Collected data:
Segment Open
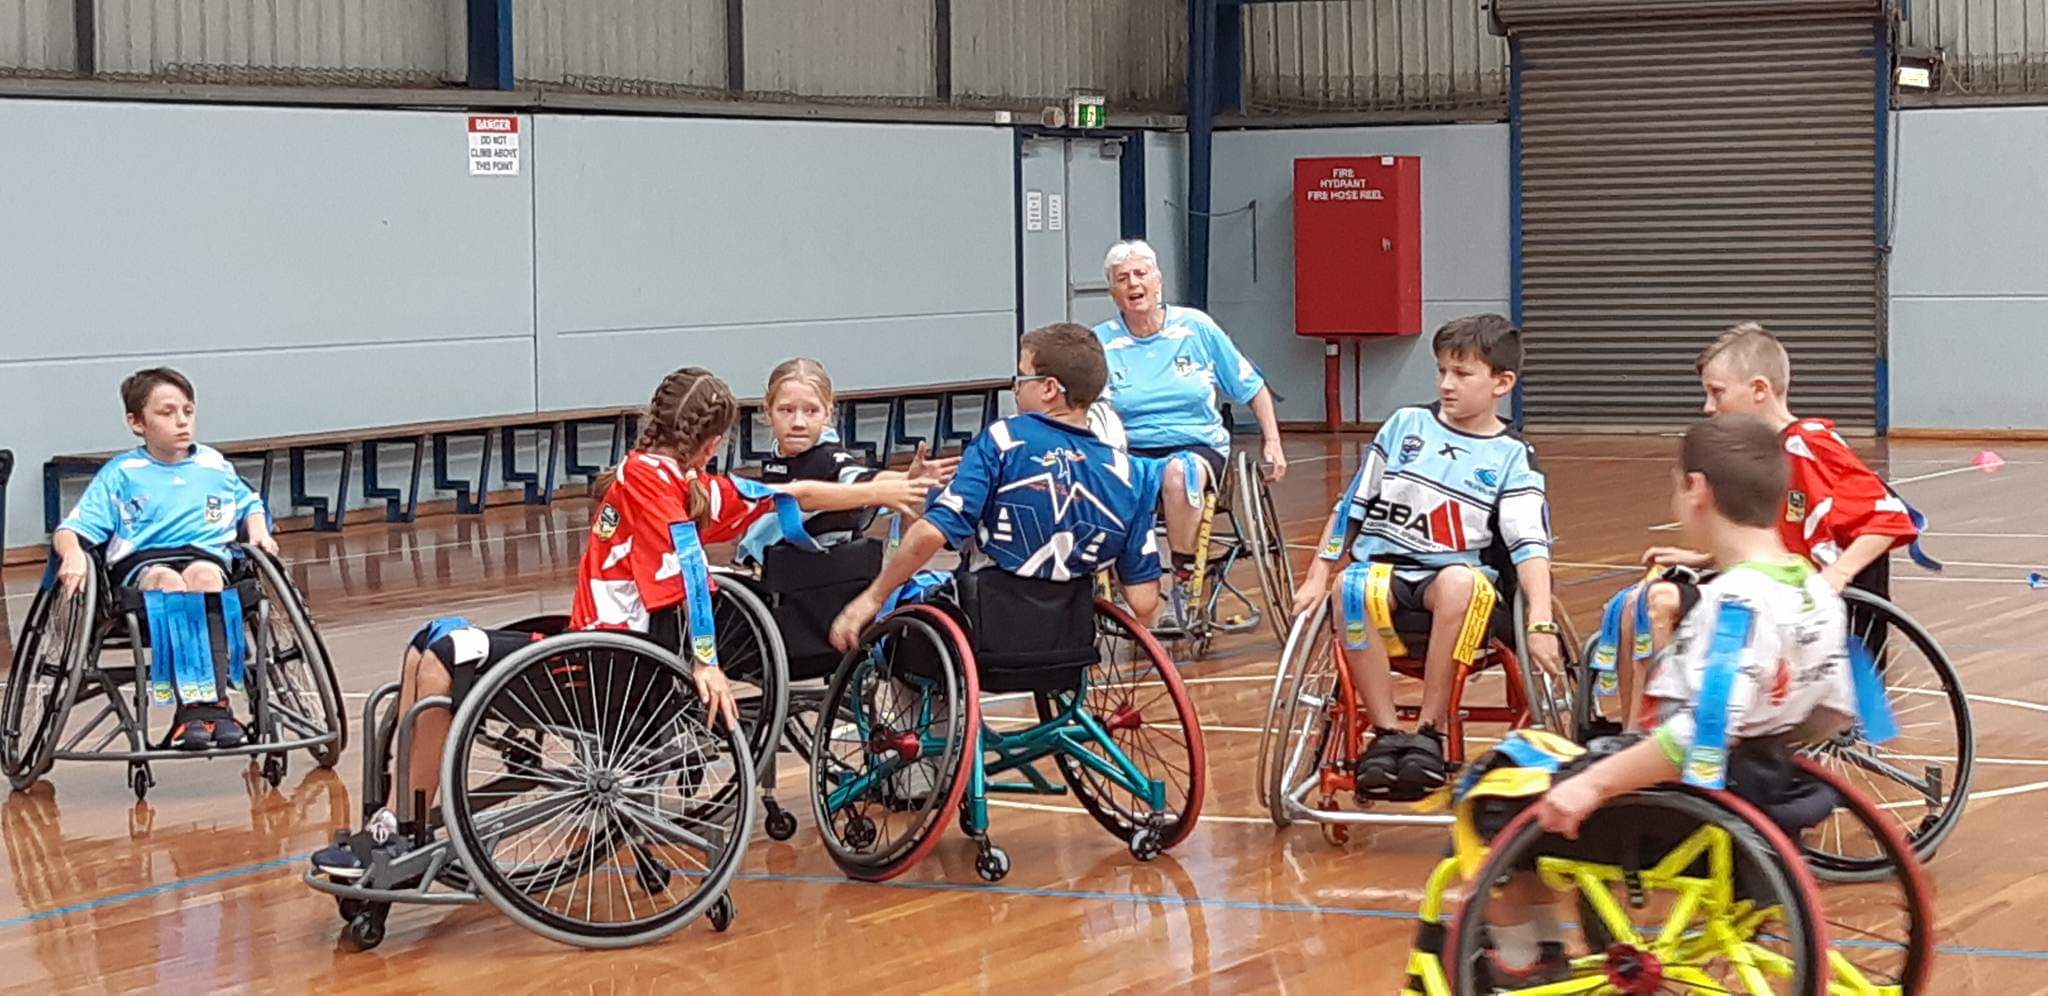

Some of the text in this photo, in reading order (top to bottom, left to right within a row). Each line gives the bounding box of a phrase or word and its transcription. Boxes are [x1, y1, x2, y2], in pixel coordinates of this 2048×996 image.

[475, 119, 511, 130] DANGER
[480, 136, 507, 145] DO NOT
[471, 149, 517, 158] CLIMB ABOVE
[475, 161, 513, 171] THIS POINT
[1333, 168, 1354, 178] FIRE
[1320, 179, 1366, 188] HYDRANT
[1308, 190, 1384, 200] FIRE HOSE REEL
[1367, 501, 1430, 540] SBA
Segment Closed
■ Task statement: Your task is to restate every record word for word. Omit all pictures.

■ Finished exercise:
Some of the text in this photo, in reading order (top to bottom, left to right within a row). Each line gives the bounding box of a phrase or word and its transcription. Boxes are [x1, y1, x2, y2], in pixel coordinates of this 2048×996 image.

[475, 119, 511, 130] DANGER
[480, 136, 507, 145] DO NOT
[471, 149, 517, 158] CLIMB ABOVE
[475, 161, 513, 171] THIS POINT
[1333, 168, 1354, 178] FIRE
[1320, 179, 1366, 188] HYDRANT
[1308, 190, 1384, 200] FIRE HOSE REEL
[1367, 501, 1430, 540] SBA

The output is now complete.